This problem is solved because the component, ie, the adsorbent, acts to temporarily store the gas phase component. The first component comprises, for example, at least one of the following materials: i.e. meershaum
and/or porous mineral earths such as magnesium silicate in the form of sepiolite, polymers in a dense network, silica gel,
Alumina etc. are suitable. Among the silica gels mentioned above, Joseph Crosfield Limited sells "Sorbsil" U30 and "Sorbsil" which have been proven to have satisfactory performance.
There are two products marketed under the name ID Gel I. Preferably, the first component has porous, particulate properties. As mentioned above, the first component needs to be a rapid but weakly retentive adsorbent for the gas phase components of tobacco smoke. Adsorbents such as celluloses used for solid phase components are therefore unsuitable as the first component. Furthermore, as mentioned above, the material selected as the first component, when mixed or dispersed with the second component, adsorbs gas phase components with the first component and absorbs the tobacco while smoking. Since it combines with the second component while not being inhaled, it must be able to release the adsorbed gas phase component. Therefore, carbon cannot be used as the first component or even its main constituent, since it is classified as a strong adsorbent for the gas phase components of tobacco smoke. The second component may be, for example, Diamond Shamrock Chemical Company.
Company)'s "Duolite" A-
2. A-7 (e.g. GPA327) or Bayer A.G.'s "Lewatit" OC1037 (e.g. "Lewatit E")

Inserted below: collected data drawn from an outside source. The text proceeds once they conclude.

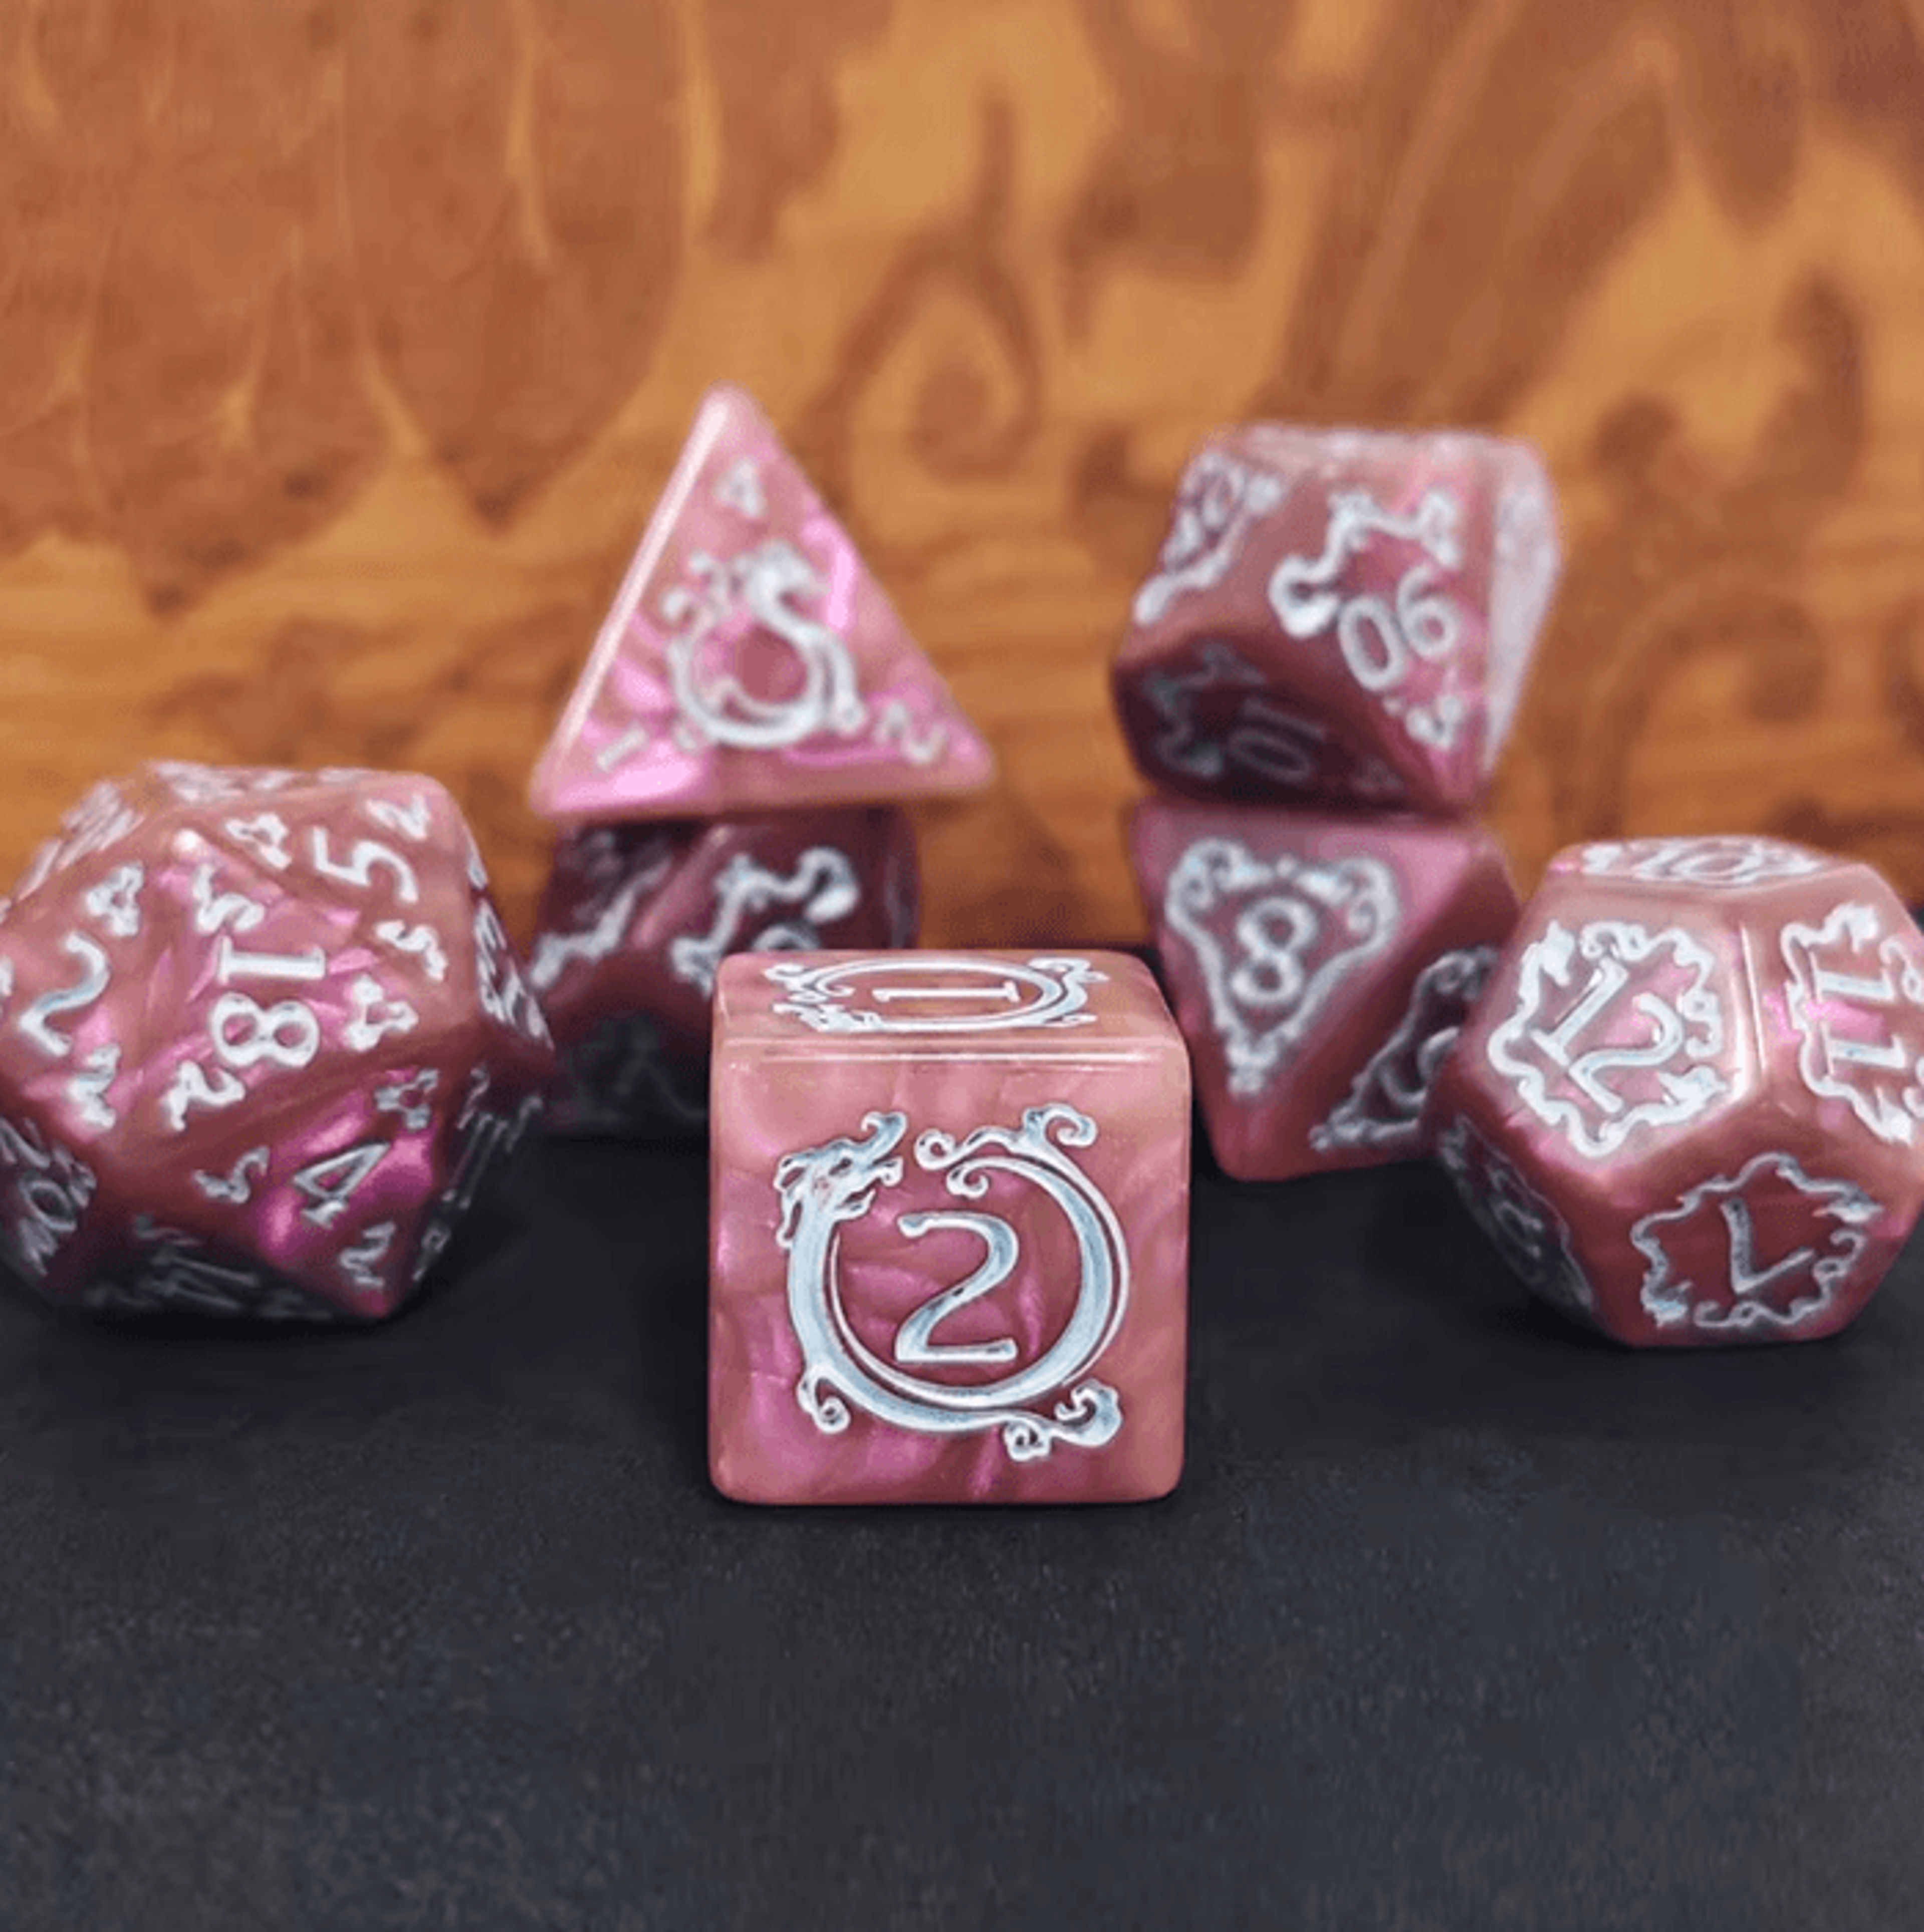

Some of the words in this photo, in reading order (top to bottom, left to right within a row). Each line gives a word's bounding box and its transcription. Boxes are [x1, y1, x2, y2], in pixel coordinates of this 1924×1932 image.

[18, 931, 109, 1056] 2
[210, 936, 327, 1067] 18
[872, 982, 1020, 1002] 1
[1230, 899, 1318, 1005] 8
[1808, 952, 1906, 1075] 11
[1531, 958, 1682, 1114] 12
[293, 1142, 391, 1227] 4
[896, 1212, 1019, 1362] 2
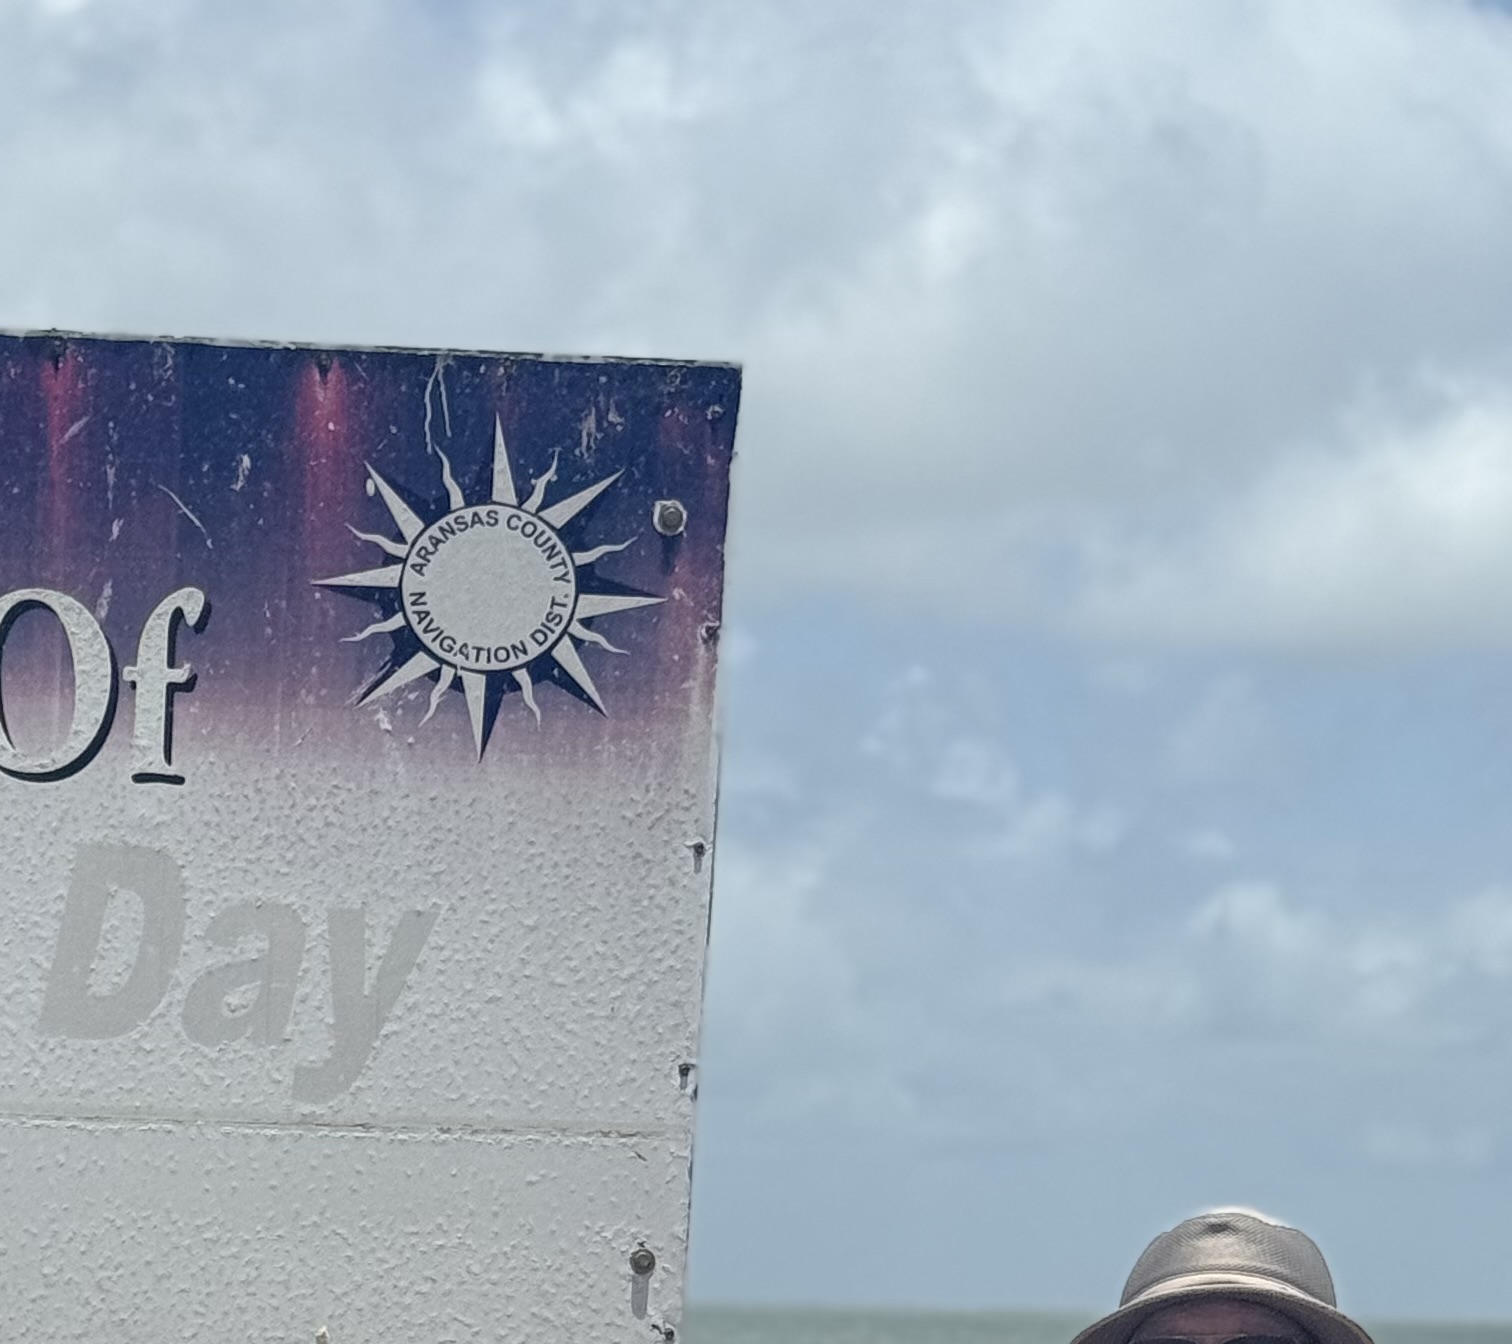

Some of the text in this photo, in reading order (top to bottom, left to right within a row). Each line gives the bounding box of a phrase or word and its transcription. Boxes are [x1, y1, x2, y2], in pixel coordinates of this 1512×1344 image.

[410, 510, 572, 586] ARANSAS COUNTY
[409, 590, 570, 664] NAVIGATION DIST.
[37, 839, 440, 1105] Day

It may be an ion exchange resin such as that commercially available under the name 372/74). Also, suitable amino-type anion exchange resins include those used in the filter claimed in British Patent No. 1509197. Other ion-exchange resins that have demonstrated good results include Mitsubishi Chemical Corporation's CR20 and WA21 trade name Diaion.
(Registered trademark). Here, "duolite" is a porous polymethacrylate resin having primary amino groups. "Rewatite" is a porous polystyrene resin with a dense network structure closely connected to divinylbenzene and having primary amino groups. Furthermore, Diaion is a porous resin similar to the above-mentioned Rewatite. The second component may be polyethyleneimine impregnated into a porous powder carrier or supported on a fibrous material such as paper or cellulose acetate. The second component may be made of more than one material.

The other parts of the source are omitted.